Mr. PAULSON: We believe strongly in our First Amendment obligation to act as a watchdog on government and to keep an eye on people in power. But with that First Amendment role comes a responsibility to set the record straight if some aspect of our reporting doesn't hold up.
FOLKENFLIK: The original article led to some criticism for revealing American tactics, but nothing like the fury that accompanied a recent scoop from the New York Times.
Last Thursday night, the Times reported U.S. Treasury officials had secretly used sweeping subpoenas to gain access to millions of confidential banking records. The Los Angeles Times and the Wall Street Journal followed closely behind. That set off President Bush early this week.
President GEORGE W. BUSH: The disclosure of this program is disgraceful. We're at war with a bunch of people who want to hurt the United States of America. And for people to leak that program and for a newspaper to publish it does great harm to the United States of America.
FOLKENFLIK: Yesterday the House of Representatives passed a resolution denouncing news organizations for revealing the program.
Representative SPENCER BACHUS (Republican, Alabama): If you're al-Qaida, the appropriate response to this publication is thank you.
FOLKENFLIK: That's Spencer Bachus, an Alabama Republican.

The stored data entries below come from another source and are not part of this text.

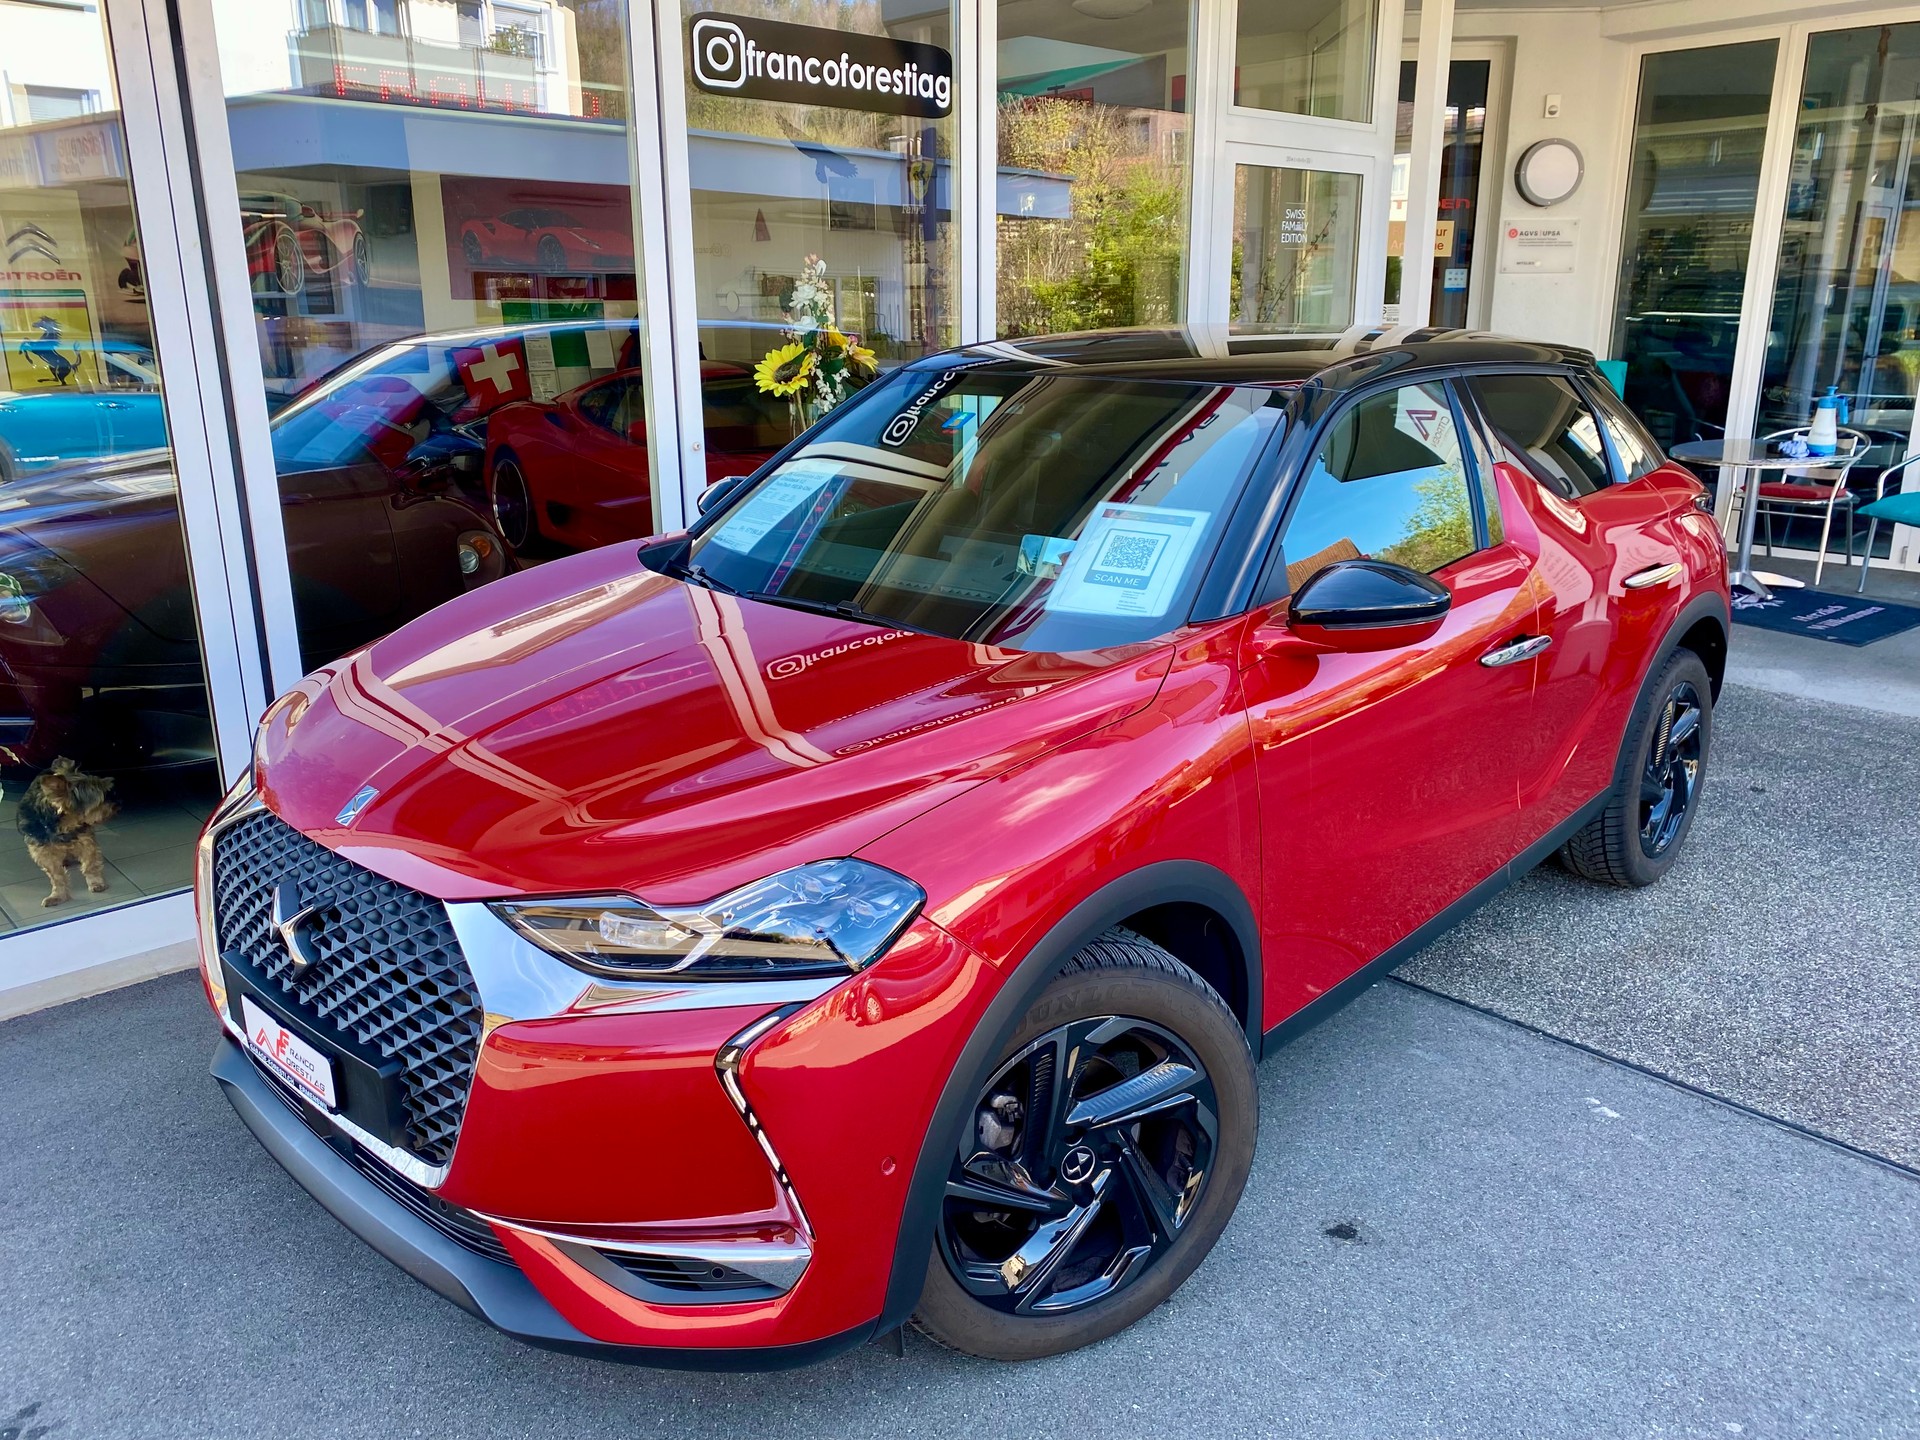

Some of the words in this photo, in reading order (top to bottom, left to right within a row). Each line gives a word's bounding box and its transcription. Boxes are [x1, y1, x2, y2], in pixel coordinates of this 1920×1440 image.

[746, 39, 951, 109] francoforestiag
[1285, 208, 1306, 220] SWISS
[1281, 232, 1307, 244] EDITION
[1093, 573, 1122, 585] SCAN
[1125, 577, 1142, 587] ME
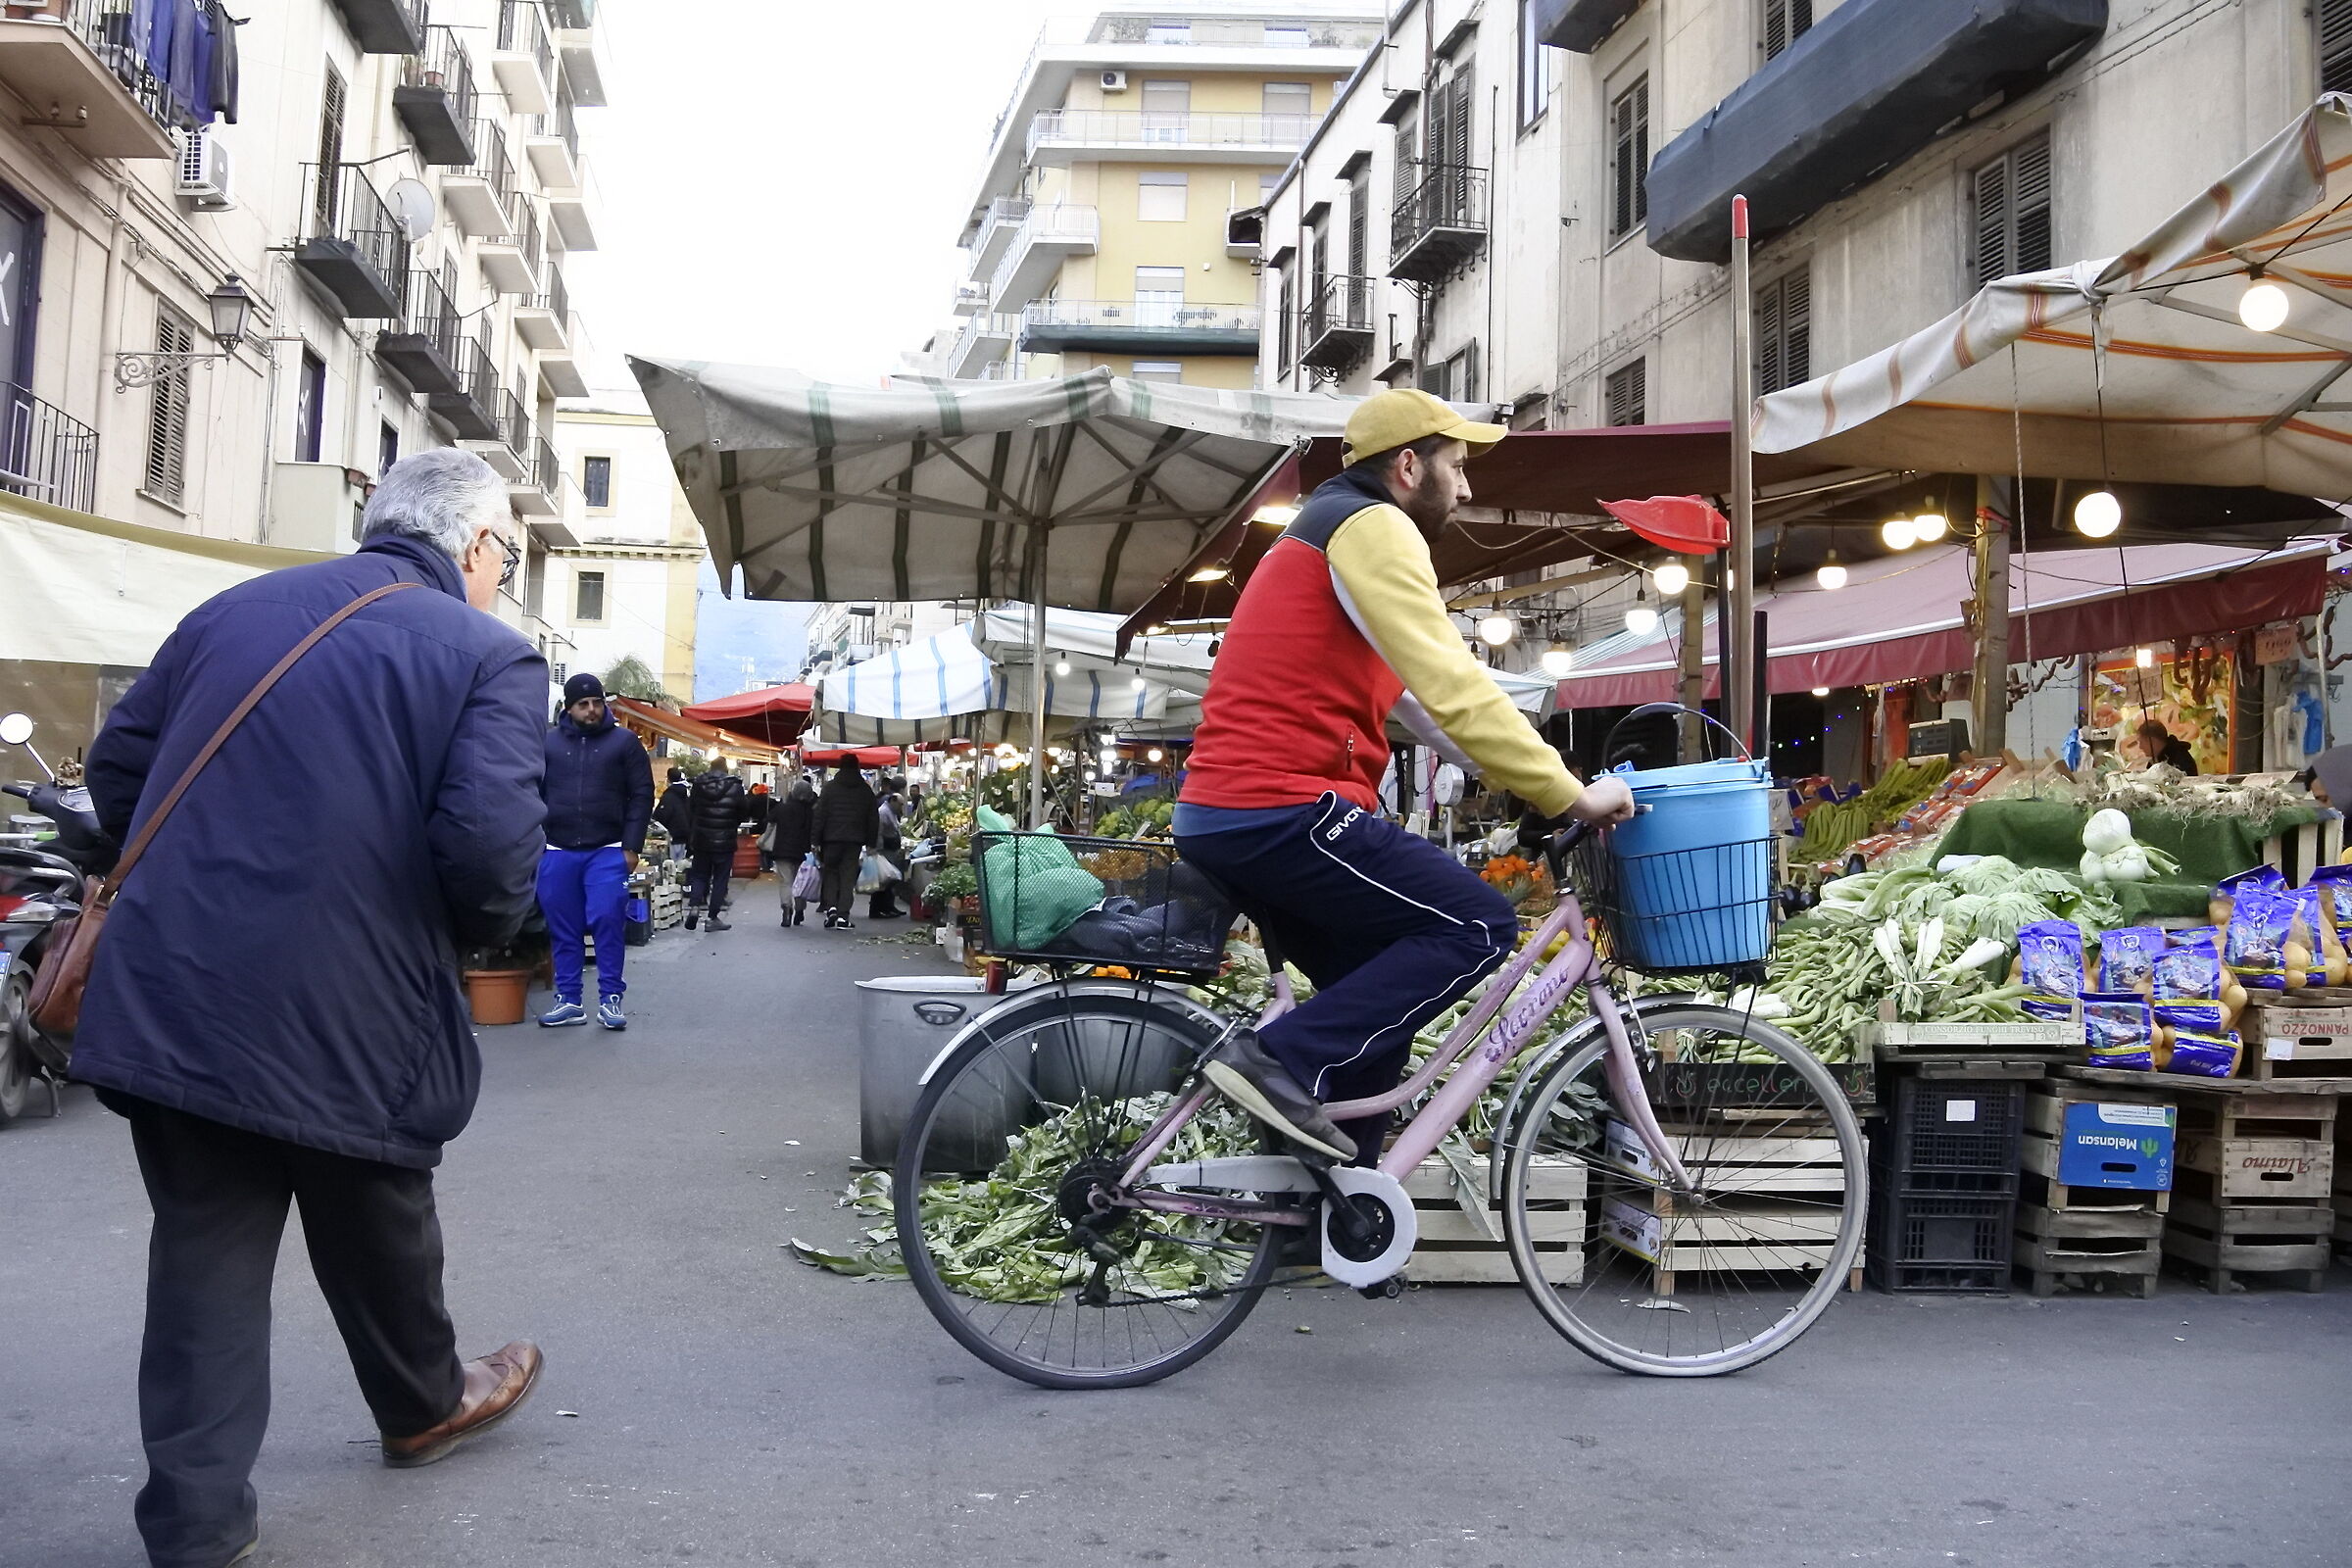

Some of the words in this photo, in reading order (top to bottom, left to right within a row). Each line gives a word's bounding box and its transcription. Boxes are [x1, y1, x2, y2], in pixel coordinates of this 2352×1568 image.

[2281, 1023, 2349, 1035] PANNOZZO
[2078, 1135, 2137, 1151] Melansan
[2242, 1156, 2316, 1174] Alaimo

Representative BACHUS: But if you're an American citizen endangered by terrorists, the insensitivity, the arrogance and the irresponsibility of this paper, then the appropriate response is anger and outrage and this resolution.
FOLKENFLIK: Lawmakers say their anger is fueled by past newspaper reports about the NSA's warrantless domestic wiretapping program and the alleged secret prisons run abroad by the CIA at which terror suspects are questioned outside American law. New York Times executive editor Bill Keller says he listened to appeals from government officials not to run the banking story, but found them unconvincing.
Mr. BILL KELLER (New York Times): At some point it become arrogant on the part of news organizations to say yeah, we've vetted this program. We've decided it meets all legal tests and therefore we're not going to let readers in on it. I think you have to allow readers to make their own judgment.
FOLKENFLIK: Keller says the Times has withheld stories that would have made the front page, but could have threatened lives. Ultimately, Keller says, the decision has to be left to editors.
Mr. KELLER: It may be imperfect, but what's the alternative? To let only the Treasury Department, the FBI, the CIA and the White House decide what's fit to publish?
FOLKENFLIK: In the Times newsroom there's gallows humor about editors being fitted for the orange jumpsuits found in prisons, but Keller says such jokes stem from genuine anxiety about the growing tensions between the media and the government it tries to cover.
David Folkenflik, NPR News, Washington.